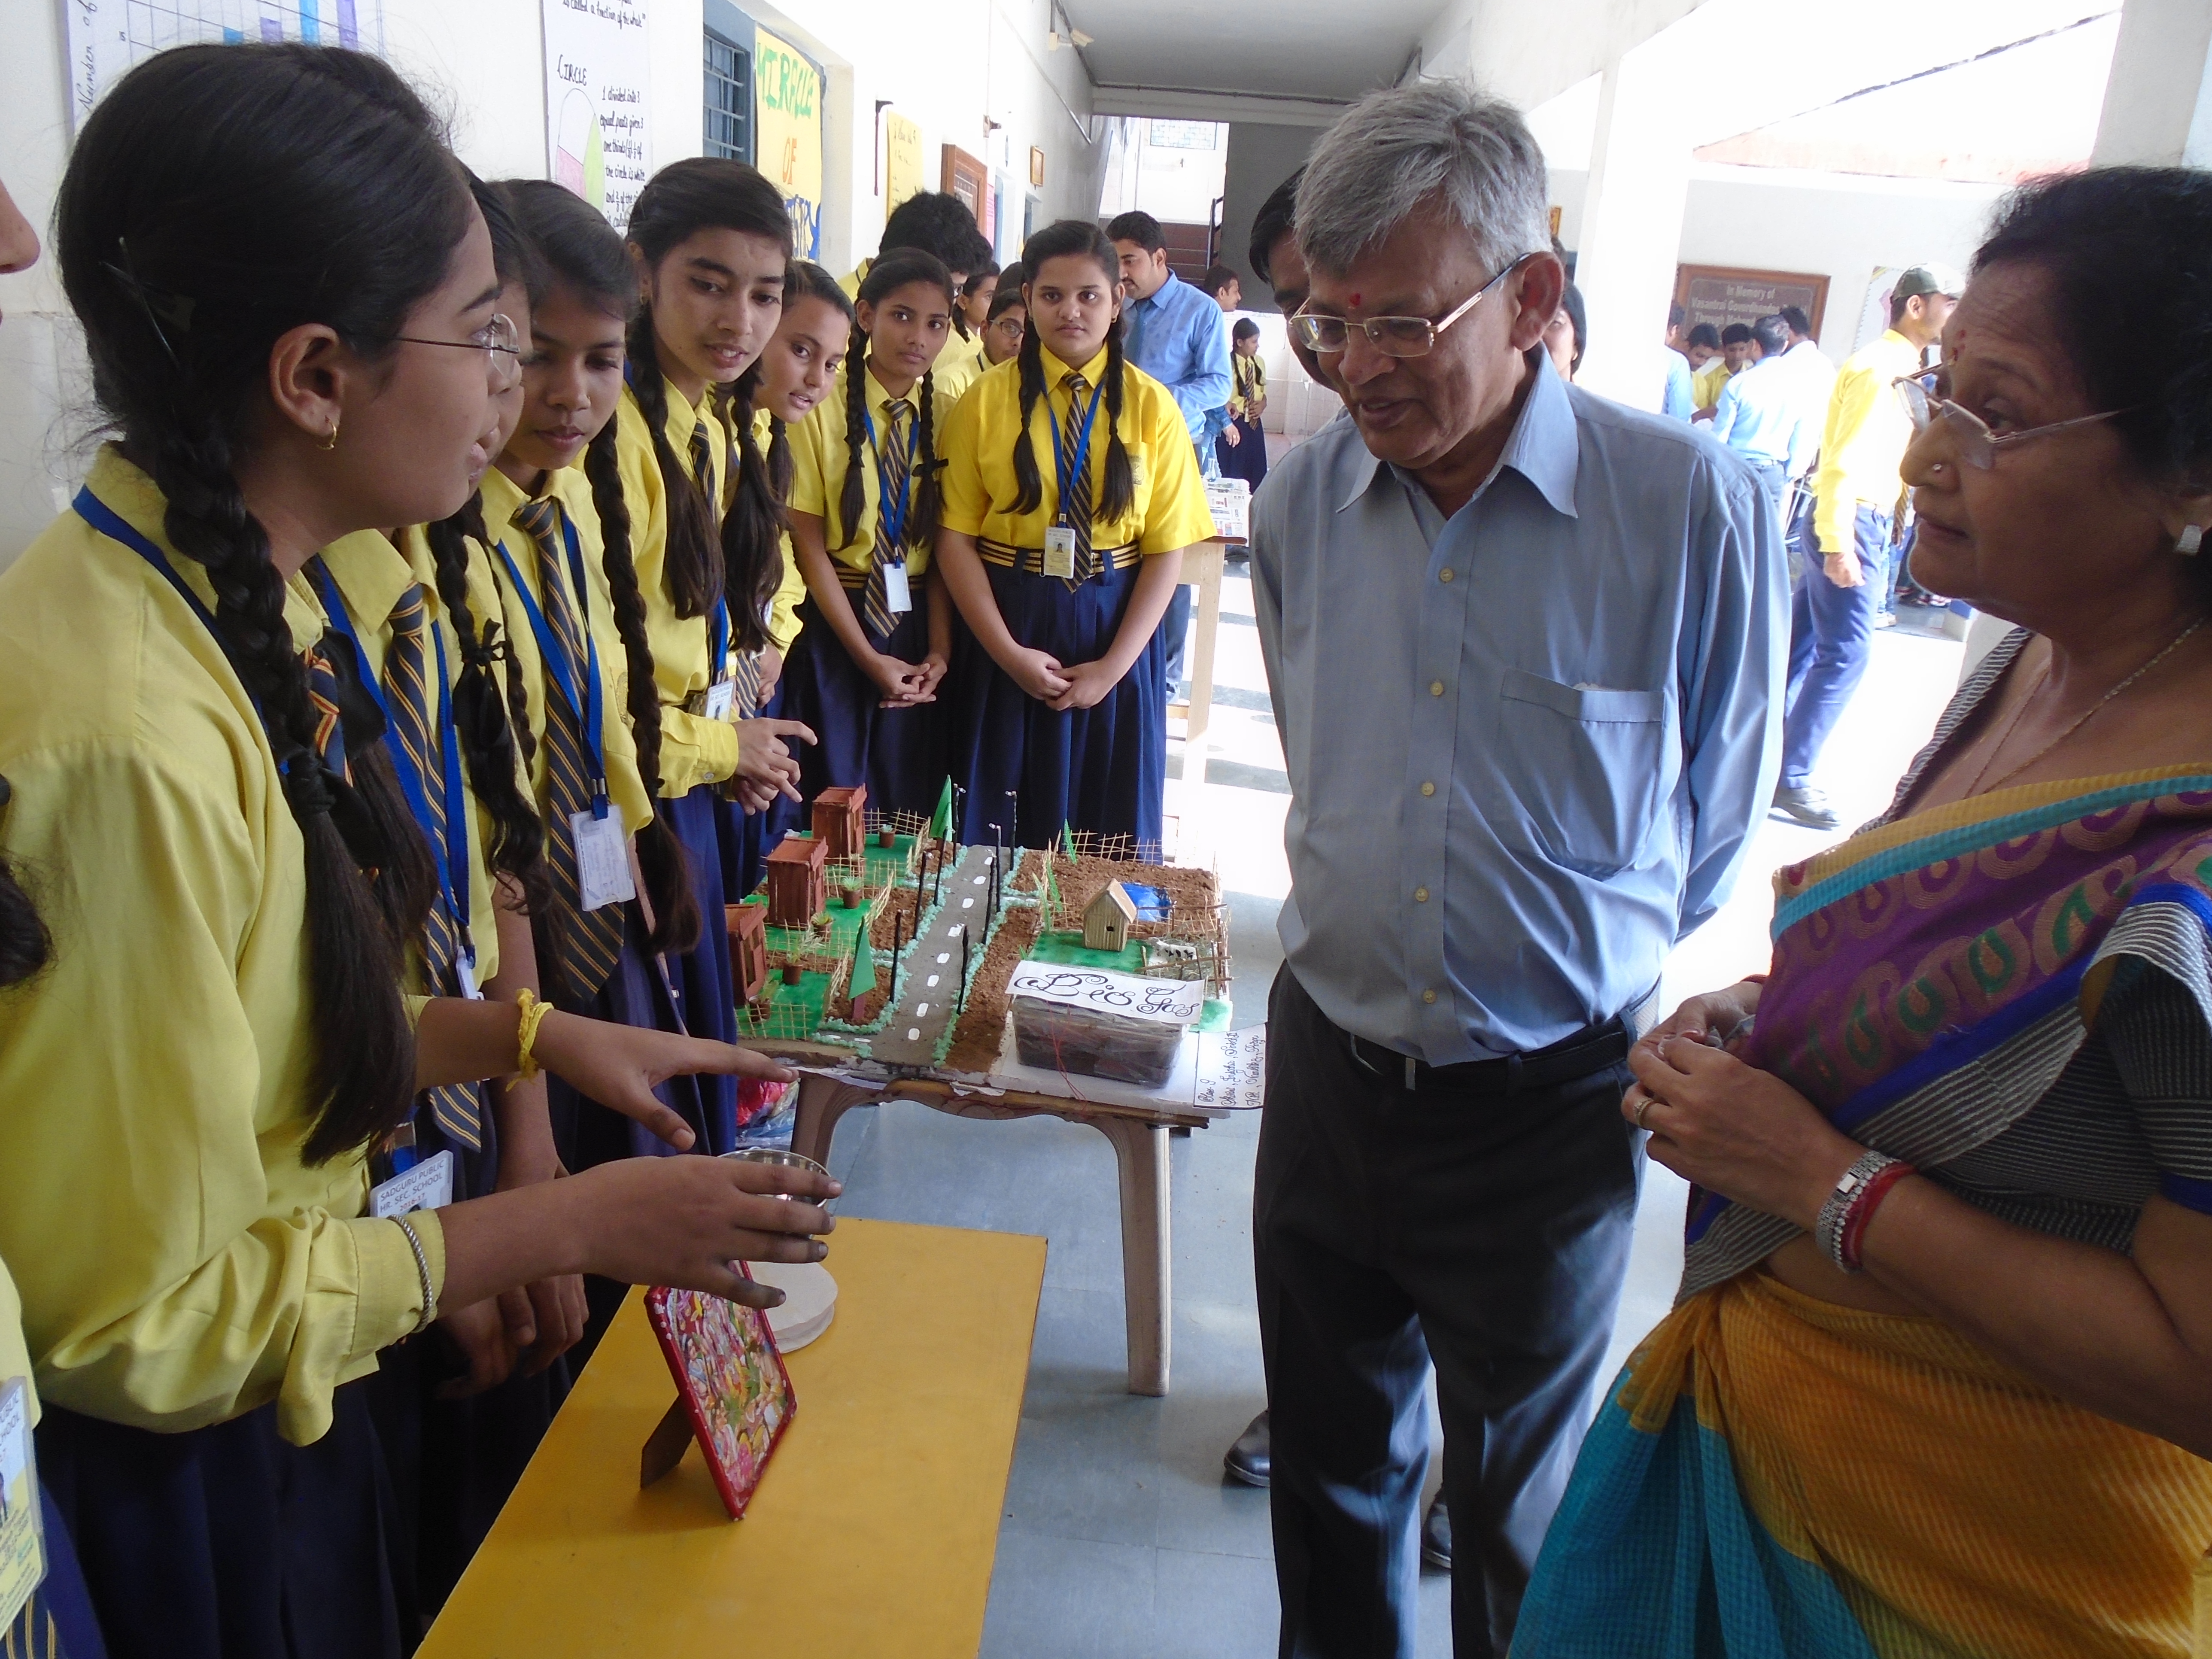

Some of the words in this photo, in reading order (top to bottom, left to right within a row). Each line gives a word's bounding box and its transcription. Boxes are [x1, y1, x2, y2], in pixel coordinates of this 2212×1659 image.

[557, 54, 586, 86] CIRCLE
[757, 42, 814, 120] MIRACLE
[782, 137, 797, 185] OF
[1736, 286, 1766, 301] Memory
[1767, 288, 1776, 299] of
[1014, 973, 1136, 1006] Bio
[1136, 984, 1200, 1017] Gas
[380, 1176, 417, 1202] SADGURU
[419, 1160, 444, 1179] PUBLIC
[380, 1202, 392, 1213] HR.
[395, 1191, 410, 1205] SEC.
[413, 1173, 443, 1195] SCHOOL
[400, 1193, 425, 1211] 2016-17
§
→ What to produce: Copy out the data above to the letter, and keep every picture out of it.

→ Answer box:
Some of the words in this photo, in reading order (top to bottom, left to right within a row). Each line gives a word's bounding box and its transcription. Boxes are [x1, y1, x2, y2], in pixel coordinates of this 2212×1659 image.

[557, 54, 586, 86] CIRCLE
[757, 42, 814, 120] MIRACLE
[782, 137, 797, 185] OF
[1736, 286, 1766, 301] Memory
[1767, 288, 1776, 299] of
[1014, 973, 1136, 1006] Bio
[1136, 984, 1200, 1017] Gas
[380, 1176, 417, 1202] SADGURU
[419, 1160, 444, 1179] PUBLIC
[380, 1202, 392, 1213] HR.
[395, 1191, 410, 1205] SEC.
[413, 1173, 443, 1195] SCHOOL
[400, 1193, 425, 1211] 2016-17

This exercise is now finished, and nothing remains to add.